Word for word, repeat the records, leaving every picture behind.

Materials provided:
^^^^

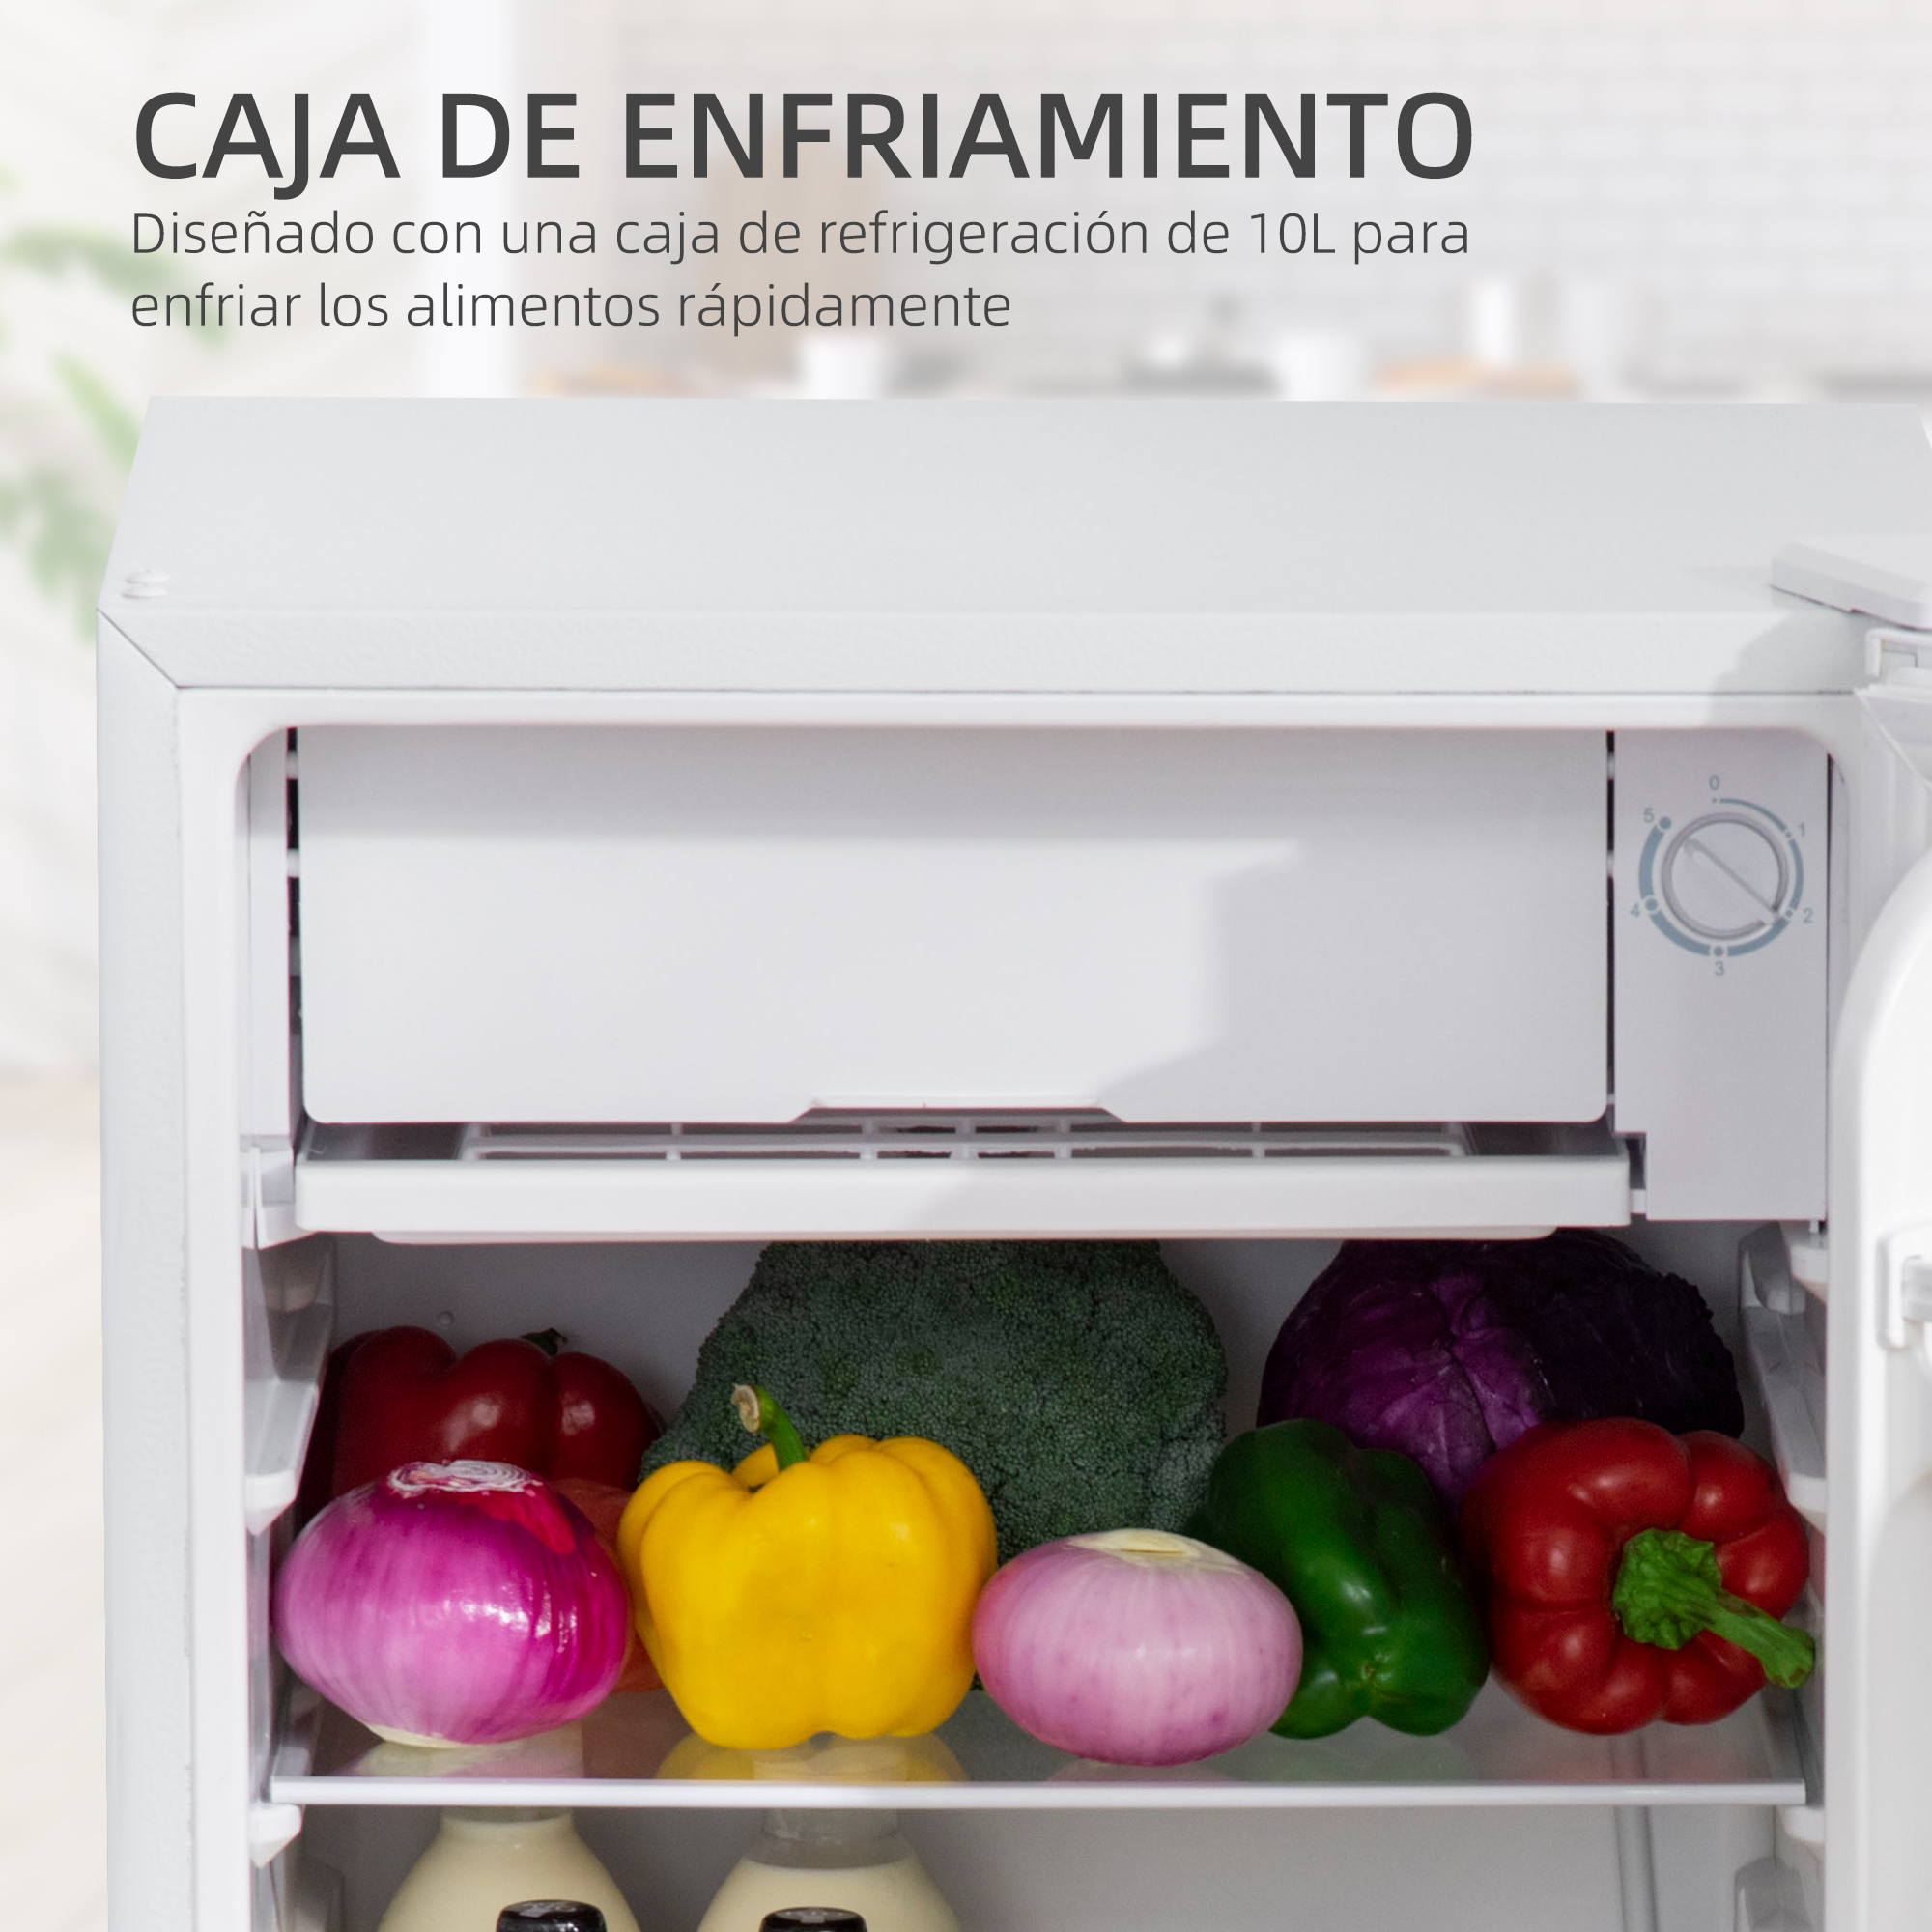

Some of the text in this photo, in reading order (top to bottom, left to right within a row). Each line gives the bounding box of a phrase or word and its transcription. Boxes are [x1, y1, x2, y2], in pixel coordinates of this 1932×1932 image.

[1644, 808, 1655, 823] 5
[1798, 822, 1805, 837] 1
[1630, 902, 1641, 918] 4
[1803, 907, 1813, 923] 2
[1715, 960, 1724, 977] 3

^^^^

Reply:
Some of the text in this photo, in reading order (top to bottom, left to right within a row). Each line gives the bounding box of a phrase or word and its transcription. Boxes are [x1, y1, x2, y2], in pixel coordinates of this 1932×1932 image.

[1644, 808, 1655, 823] 5
[1798, 822, 1805, 837] 1
[1630, 902, 1641, 918] 4
[1803, 907, 1813, 923] 2
[1715, 960, 1724, 977] 3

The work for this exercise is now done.